Forecasting Monthly Discharge Using Machine Learning Techniques

Bharthavarapu Srikanth
Research Scholar Civil Department Vel Tech Rangarajan Dr. sagunthala R&D Institute of Science and Technology, Avadi, Chennai, Tamil Nadu, 600062, India.
Geetha Selvarani A.
Professor, Civil Department Vel Tech Rangarajan Dr.sagunthala R&D Institute of Science and Technology, Avadi, Chennai, Tamil Nadu, 600062, India.
Bibhuti Bhusan Sahoo
Associate Professor Department of Civil Engineering MVR college of engineering & Technology, Paritala (V), Kanchikacherla (M), Krishna District, Andhra Pradesh, 521180, India.

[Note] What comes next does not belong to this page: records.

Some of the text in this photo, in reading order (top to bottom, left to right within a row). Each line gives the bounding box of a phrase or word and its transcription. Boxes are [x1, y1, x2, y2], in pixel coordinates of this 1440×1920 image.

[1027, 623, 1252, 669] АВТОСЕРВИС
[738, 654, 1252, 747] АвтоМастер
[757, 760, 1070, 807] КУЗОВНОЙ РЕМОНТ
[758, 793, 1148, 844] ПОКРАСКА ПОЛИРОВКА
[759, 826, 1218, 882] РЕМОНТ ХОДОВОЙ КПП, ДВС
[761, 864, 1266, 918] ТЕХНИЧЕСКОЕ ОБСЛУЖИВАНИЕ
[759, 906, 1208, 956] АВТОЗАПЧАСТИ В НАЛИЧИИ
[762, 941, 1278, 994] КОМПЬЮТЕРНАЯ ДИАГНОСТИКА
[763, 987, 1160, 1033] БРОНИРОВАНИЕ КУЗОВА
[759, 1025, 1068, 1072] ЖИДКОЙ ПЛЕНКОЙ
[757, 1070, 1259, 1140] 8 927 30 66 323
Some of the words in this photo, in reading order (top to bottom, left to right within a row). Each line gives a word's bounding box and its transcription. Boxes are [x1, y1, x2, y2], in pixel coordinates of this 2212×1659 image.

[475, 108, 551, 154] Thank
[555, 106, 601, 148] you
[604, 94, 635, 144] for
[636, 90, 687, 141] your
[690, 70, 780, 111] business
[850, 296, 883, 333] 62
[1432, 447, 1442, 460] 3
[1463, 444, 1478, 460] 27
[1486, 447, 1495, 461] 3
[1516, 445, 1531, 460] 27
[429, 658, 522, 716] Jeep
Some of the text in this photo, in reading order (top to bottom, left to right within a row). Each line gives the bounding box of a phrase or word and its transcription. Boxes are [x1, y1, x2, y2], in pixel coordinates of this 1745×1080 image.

Published November 2, 2019
  • MLP,
  • SVR,
  • Forecasting,
  • Time series
How to Cite
Srikanth, B., A., G. S., & Sahoo, B. B. (2019). Forecasting Monthly Discharge Using Machine Learning Techniques. International Research Journal of Multidisciplinary Technovation, 1(6), 1-6. Retrieved from https://mapletreejournals.com/index.php/irjmt/article/view/255


Discharge prediction methods play crucial role in providing early warnings and helping local people and government agencies to prepare well before flood or managing available water for various purposes. The ability to predict future river flows helps people anticipate and plan for upcoming flooding, preventing deaths and decreasing property destruction. Different hydrological models supporting these predictions have different characteristics, driven by available data and the research area. This study applied two different types of Machine learning techniques to the Tikarpara station present in the lower end of the Mahanadi river basin India. The two Machine learning techniques include Multi-layer perception (MLP) and support vector regression (SVR) MLP has shown great deal of accuracy as compared to SVR across the cases used in the study; based on available data and the study area, MLP showed the best applicability, compared to SVR techniques. MLP out performed SVR model with r2 = 0.75 and lowest RMSE = 0.58.MLP can be used as a promising tool for forecasting monthly discharge at the selected station.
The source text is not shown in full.